Reproduce every record below exactly, without the pictures.

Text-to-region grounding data
§

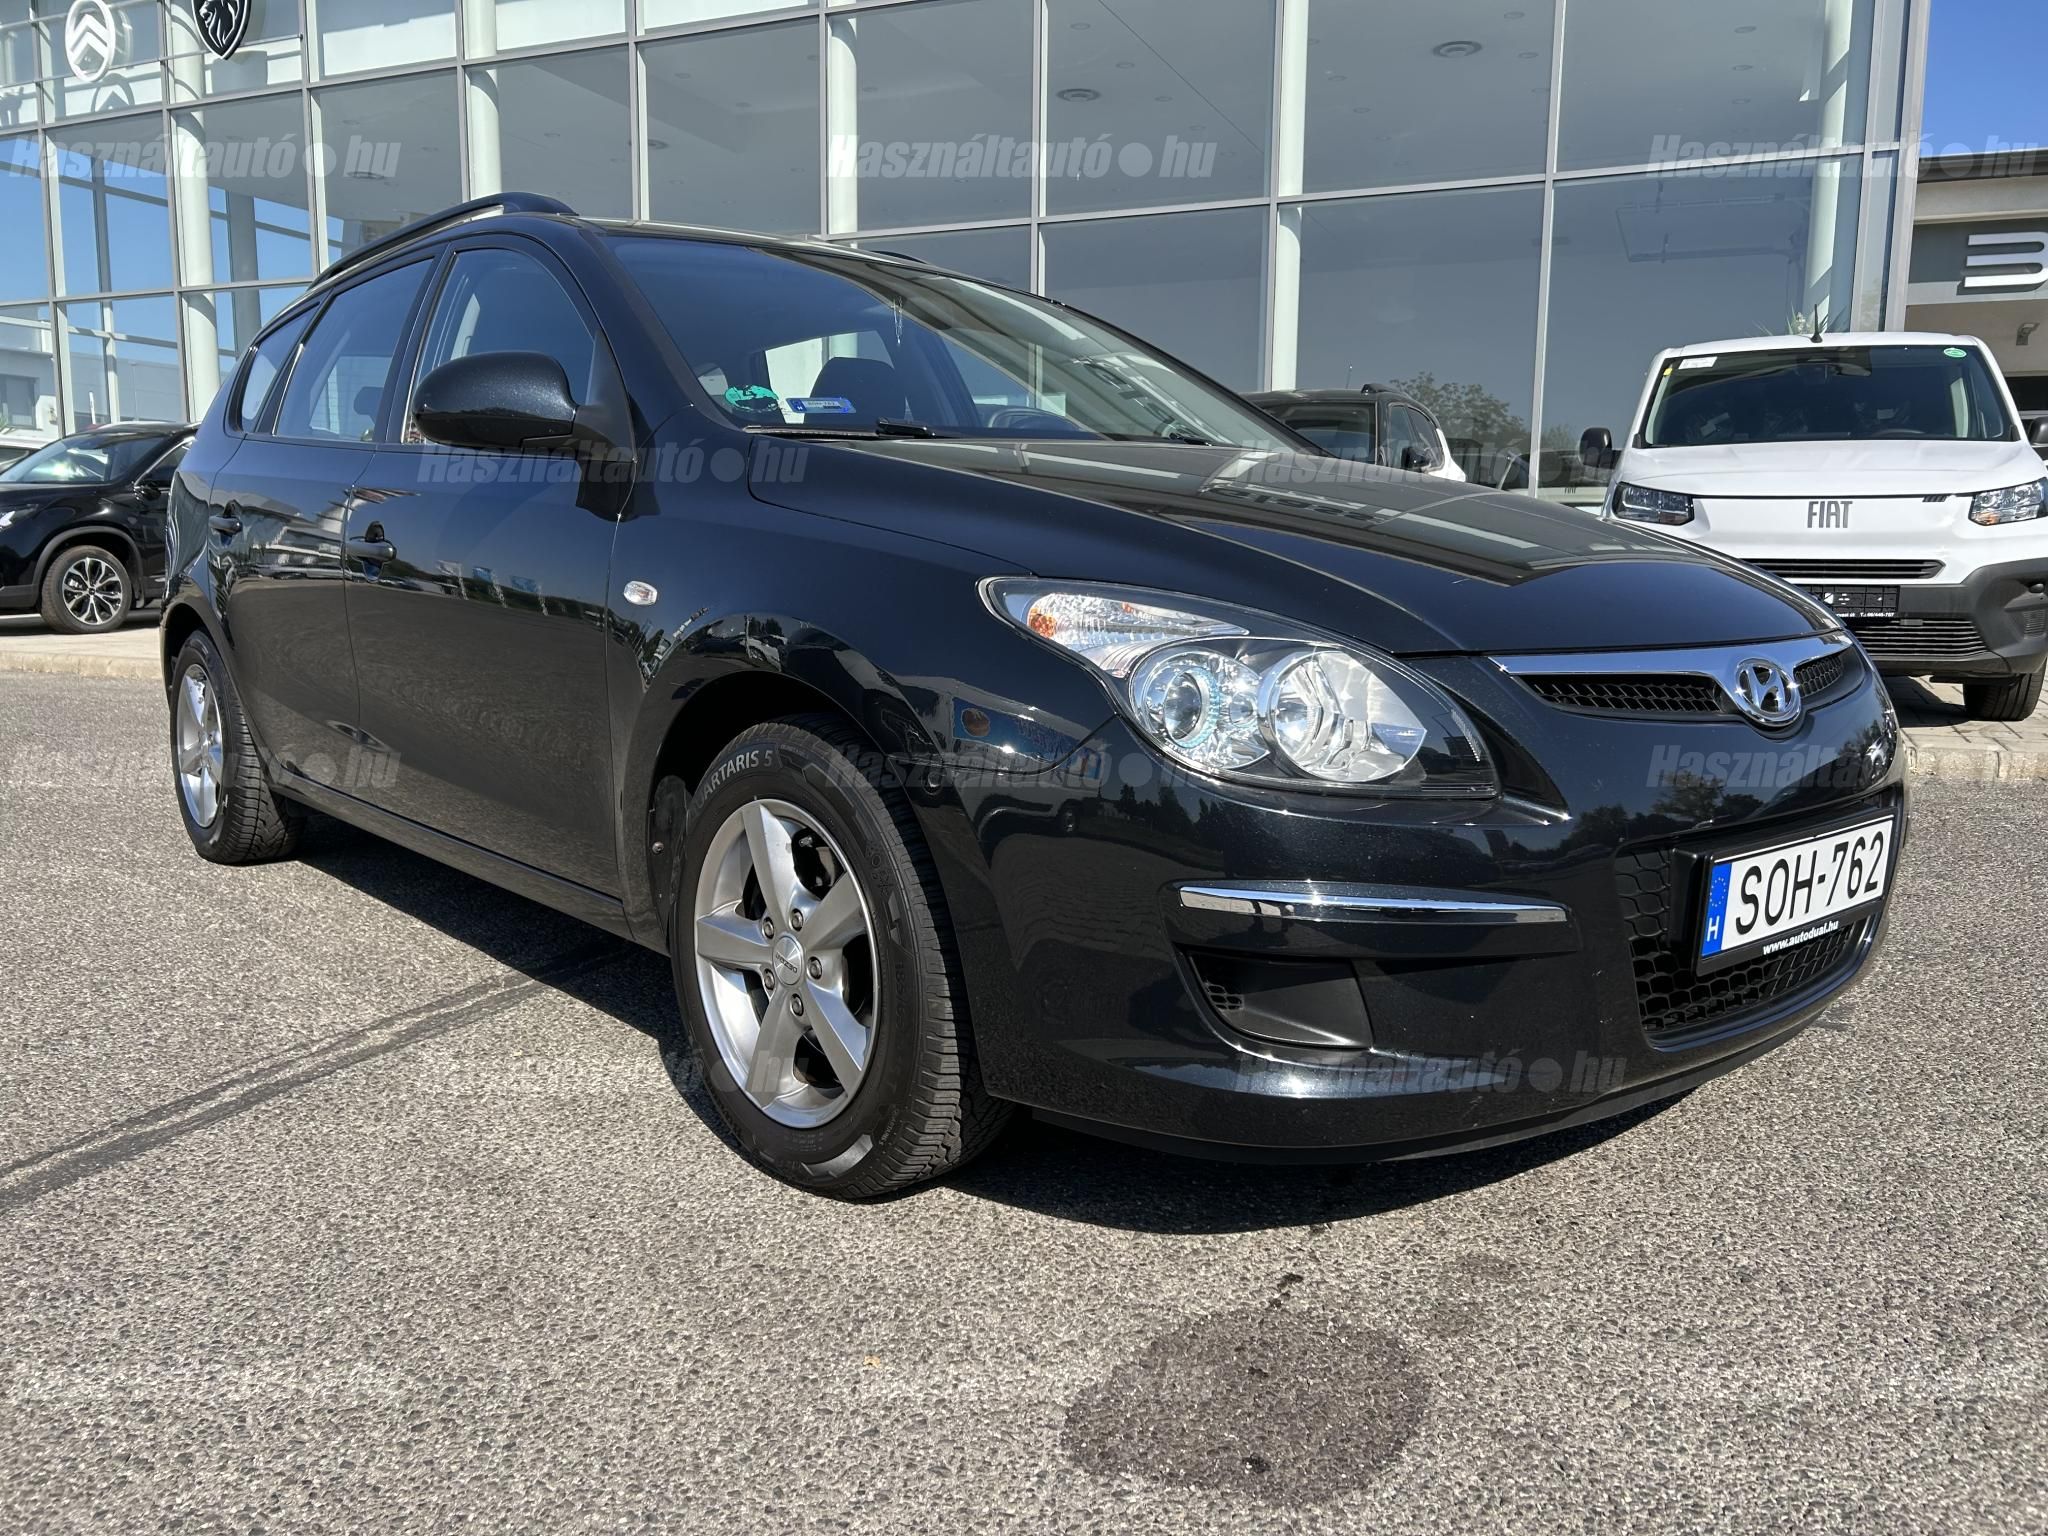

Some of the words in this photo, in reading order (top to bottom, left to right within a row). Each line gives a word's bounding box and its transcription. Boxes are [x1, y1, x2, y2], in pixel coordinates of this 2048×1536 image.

[1807, 501, 1853, 528] FIAT
[1735, 831, 1884, 935] SOH-762
[1706, 916, 1720, 942] H
[1762, 920, 1839, 955] www.autodual.hu
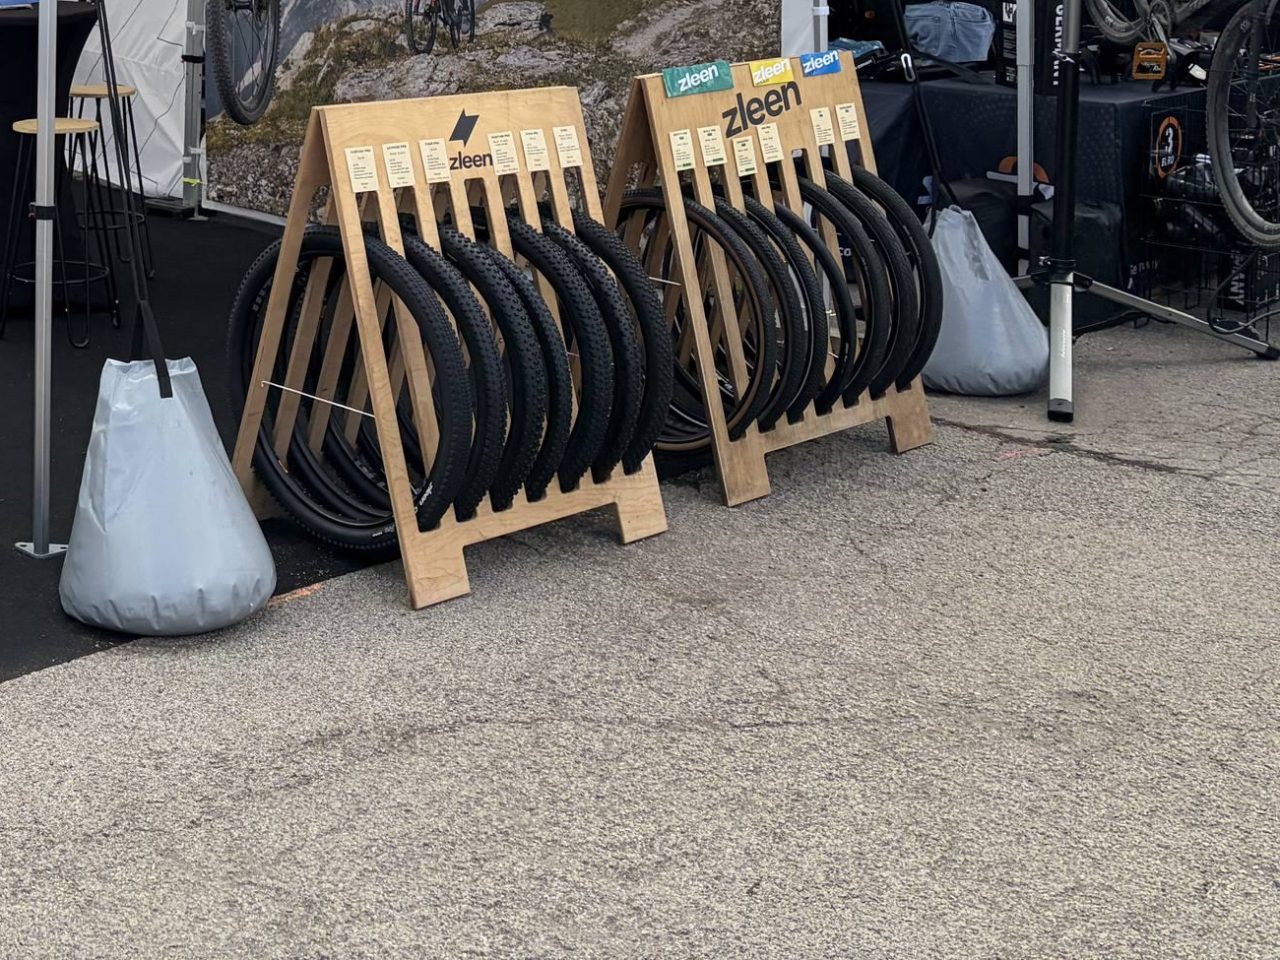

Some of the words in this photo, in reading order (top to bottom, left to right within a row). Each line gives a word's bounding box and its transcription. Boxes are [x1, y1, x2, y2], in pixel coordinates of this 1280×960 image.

[753, 58, 792, 84] zleen
[803, 50, 839, 75] zleen
[678, 64, 720, 92] zleen
[722, 80, 802, 139] zleen
[449, 151, 493, 171] zleen

§

### Your response
Some of the words in this photo, in reading order (top to bottom, left to right within a row). Each line gives a word's bounding box and its transcription. Boxes are [x1, y1, x2, y2], in pixel coordinates of this 2048×1536 image.

[1807, 501, 1853, 528] FIAT
[1735, 831, 1884, 935] SOH-762
[1706, 916, 1720, 942] H
[1762, 920, 1839, 955] www.autodual.hu

Some of the words in this photo, in reading order (top to bottom, left to right within a row). Each line gives a word's bounding box and its transcription. Boxes are [x1, y1, x2, y2], in pixel coordinates of this 1280×960 image.

[753, 58, 792, 84] zleen
[803, 50, 839, 75] zleen
[678, 64, 720, 92] zleen
[722, 80, 802, 139] zleen
[449, 151, 493, 171] zleen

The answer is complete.